Recent evidence shows that using cleaner fuels can significantly lower exposure to hazardous air pollutants (HAP). In our Household Air Pollution Intervention Network (HAPIN) trial across multiple countries, providing households with free LPG stoves and fuel led to nearly full adoption and reduced exposures by over 60%. This change increased the percentage of households meeting the World Health Organization (WHO) guideline for fine particulate matter (PM2.5) from 17% to 66%. However, the exclusive use of LPG did not last after the trial ended, indicating the need for strategies to ensure ongoing use of clean cooking technologies. Additionally, LPG may not be ideal in some areas due to its cost, fuel access challenges, and pollution from burning it, which may limit health and benefits. This study will investigate electric induction cooking as a potentially cleaner and more effective technology on a large scale. Our project, Applied Implementation Research for Clean Cooking in Cambodia (AIR-C3), will create and assess strategies to encourage affordable purchase and consistent use of electric induction stoves among low-income households in peri-urban Cambodia through a hybrid type II trial. The specific aims are:

Aim 1. Strategy development. Develop, refine, and test implementation strategies for the purchase and use of induction cookstoves. This aim focuses on identifying determinants of induction stove purchase, use, and biomass disuse, and on refining implementation strategies through formative research and piloting activities. Methods and findings from Aim 1 will be described elsewhere.

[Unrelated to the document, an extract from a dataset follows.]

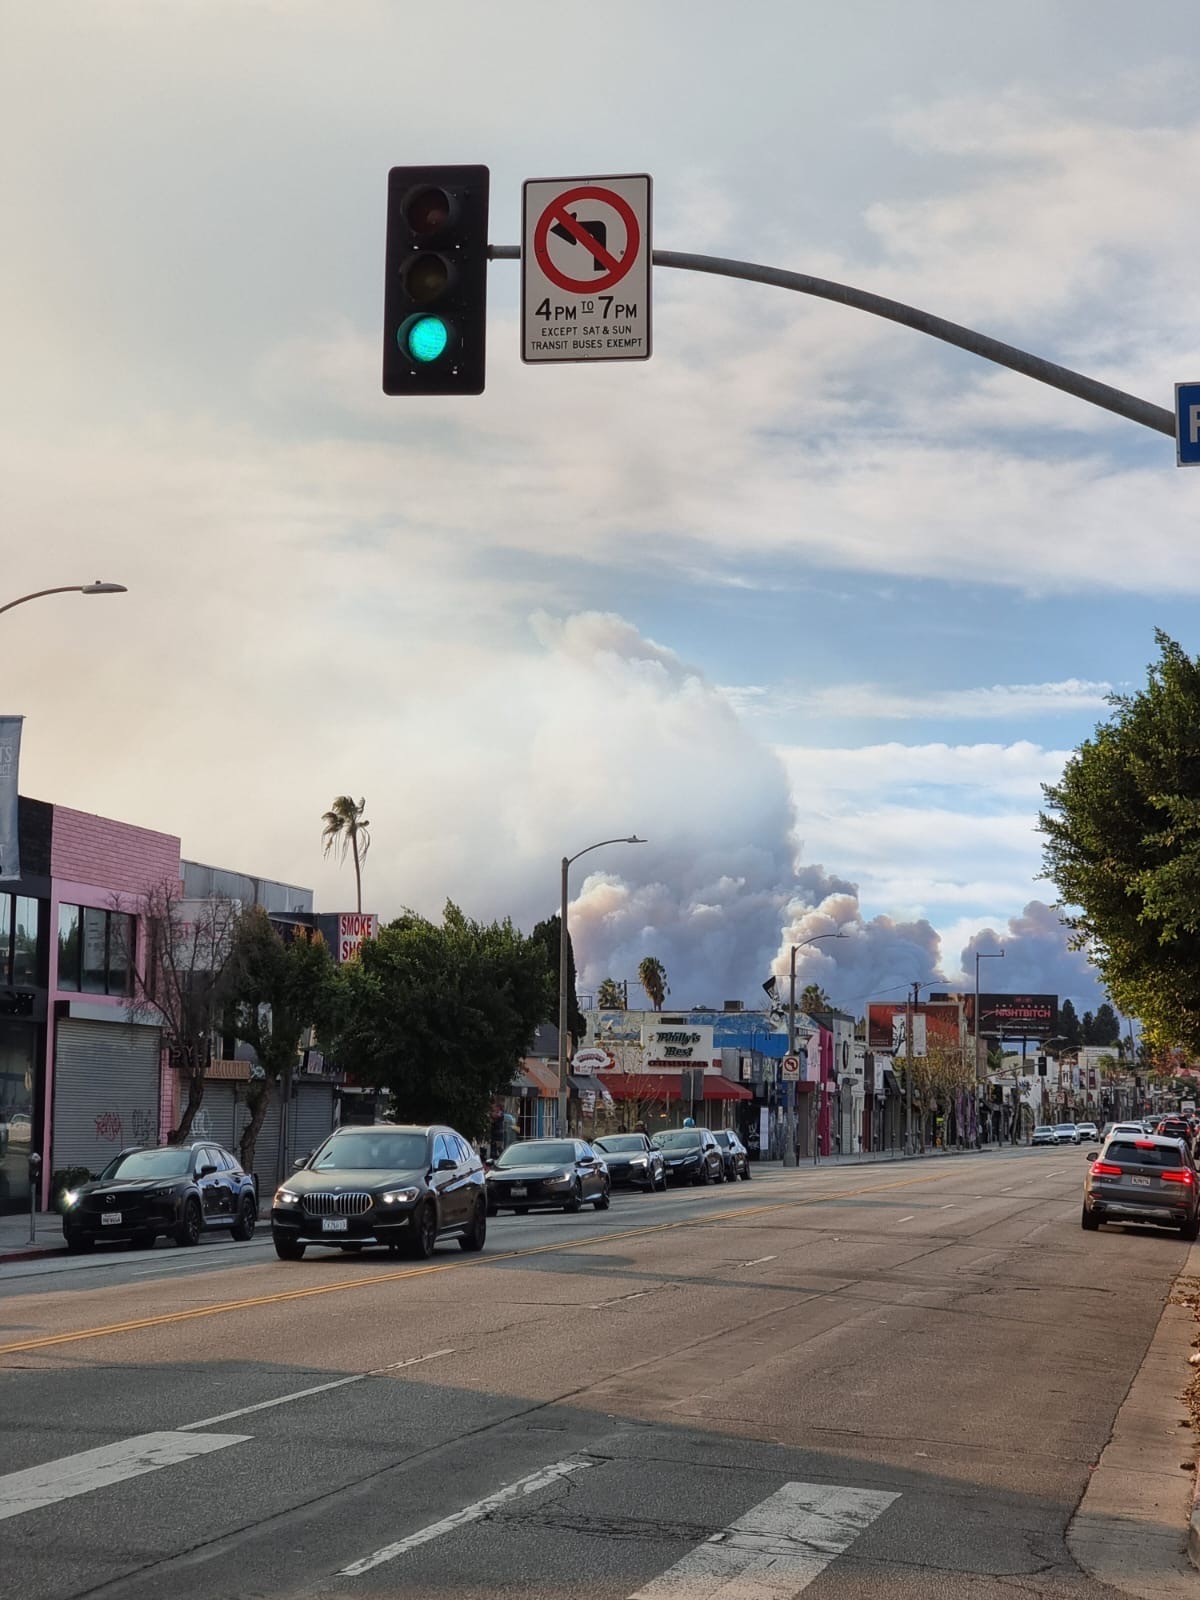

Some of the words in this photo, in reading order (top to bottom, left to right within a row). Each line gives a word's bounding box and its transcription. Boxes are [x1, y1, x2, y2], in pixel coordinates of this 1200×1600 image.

Aim 2. Hybrid trial evaluation. Evaluate induction stove promotion strategies developed under Aim 1 using a five-arm, parallel-group, cluster-randomized hybrid type II trial. This aim assesses the effectiveness of four integrated implementation strategy packages on induction stove purchase, induction stove use, and biomass stove disuse, alongside key implementation outcomes assessed using the RE-AIM framework.   

 Aim 3. Economic evaluation and modeling. Estimate the costs, benefits, and incremental cost-effectiveness of the stove promotion strategies. This aim evaluates the relative economic performance of the implementation strategies tested under Aim 2 to inform policy, program design, and future scale-up.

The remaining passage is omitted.